• ACTIVITY
Retype each entry exactly as written, and keep the pictures out of the copy.

Top of RECORDS SUPPLIED

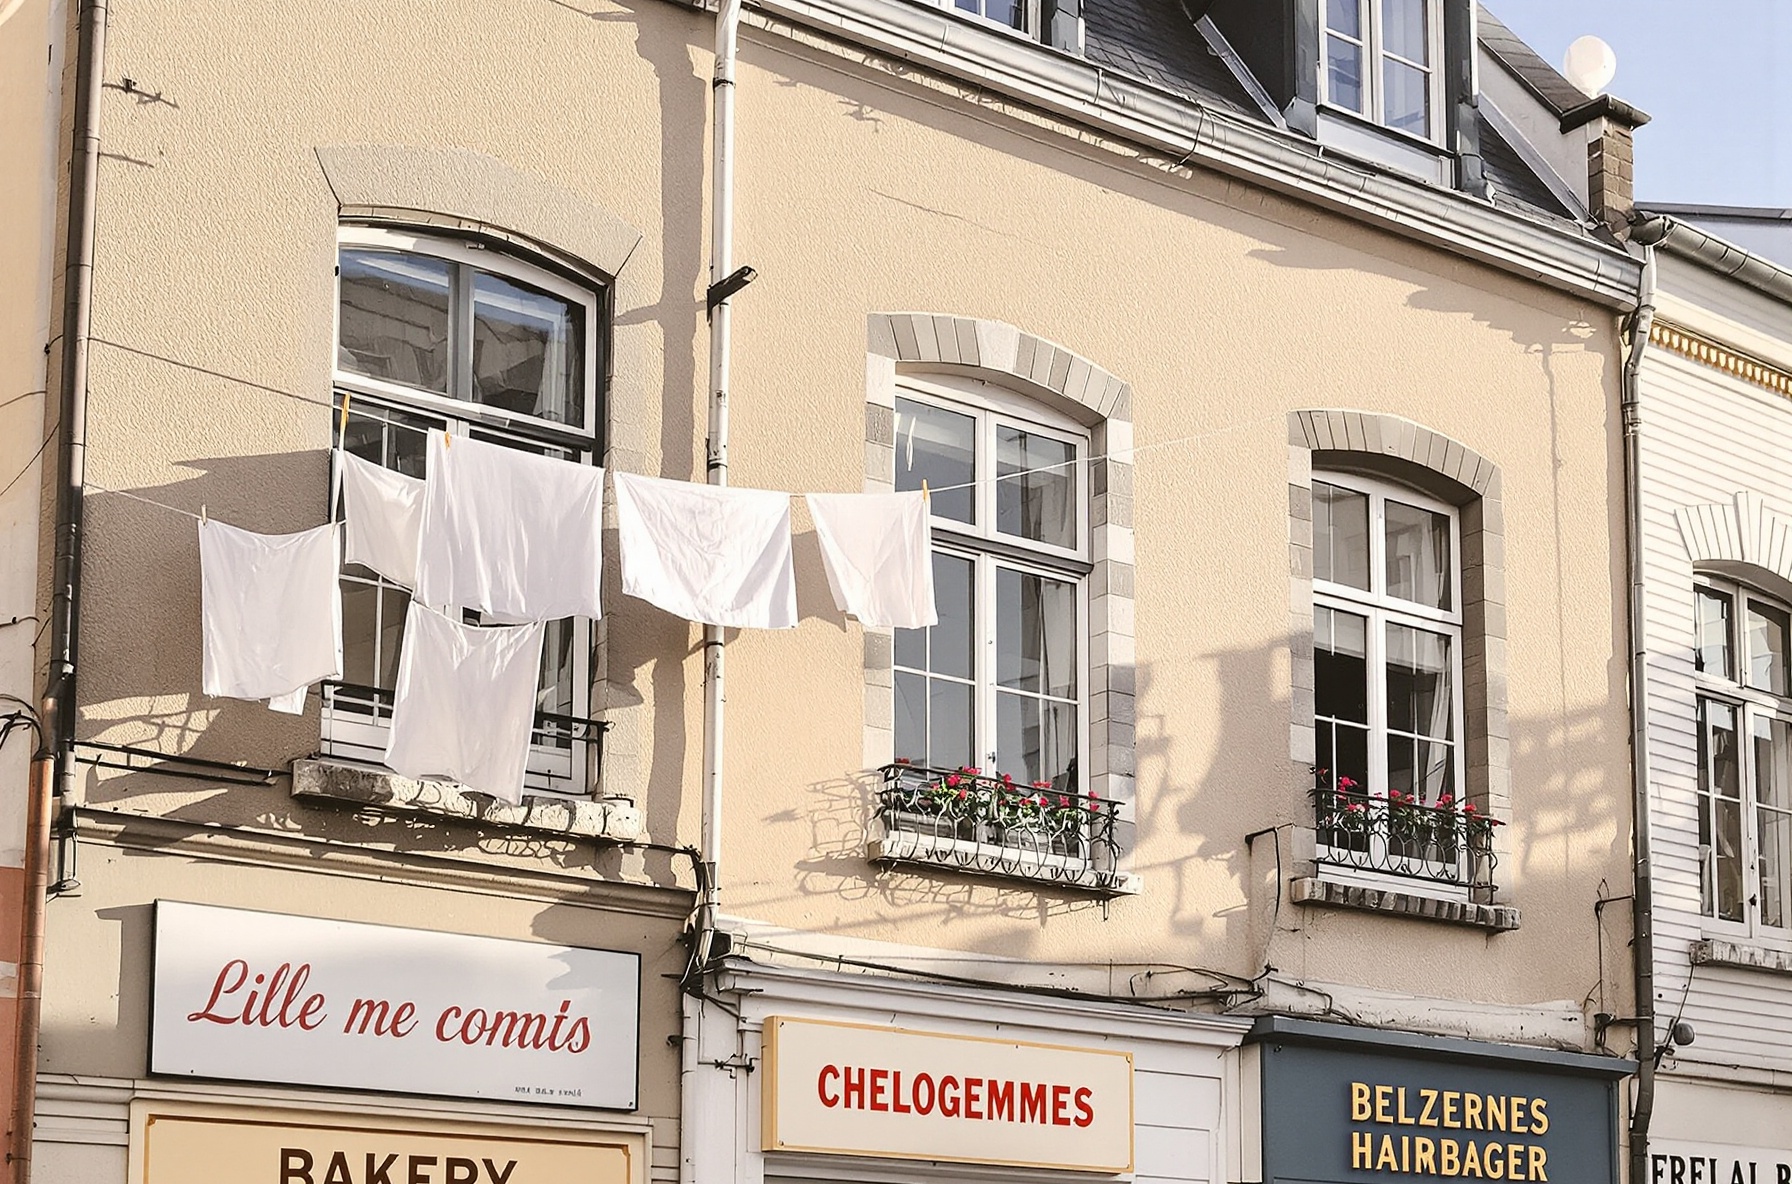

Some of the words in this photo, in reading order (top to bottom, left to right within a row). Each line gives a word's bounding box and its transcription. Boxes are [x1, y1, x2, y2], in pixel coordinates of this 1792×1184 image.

[187, 959, 327, 1031] Lille
[343, 998, 419, 1038] me
[818, 1064, 1094, 1128] CHELOGEMMES
[1351, 1082, 1549, 1136] BELZERNES
[1351, 1131, 1548, 1182] HAIRBAGER

Bottom of RECORDS SUPPLIED

• YOUR SOLUTION
Some of the words in this photo, in reading order (top to bottom, left to right within a row). Each line gives a word's bounding box and its transcription. Boxes are [x1, y1, x2, y2], in pixel coordinates of this 1792×1184 image.

[187, 959, 327, 1031] Lille
[343, 998, 419, 1038] me
[818, 1064, 1094, 1128] CHELOGEMMES
[1351, 1082, 1549, 1136] BELZERNES
[1351, 1131, 1548, 1182] HAIRBAGER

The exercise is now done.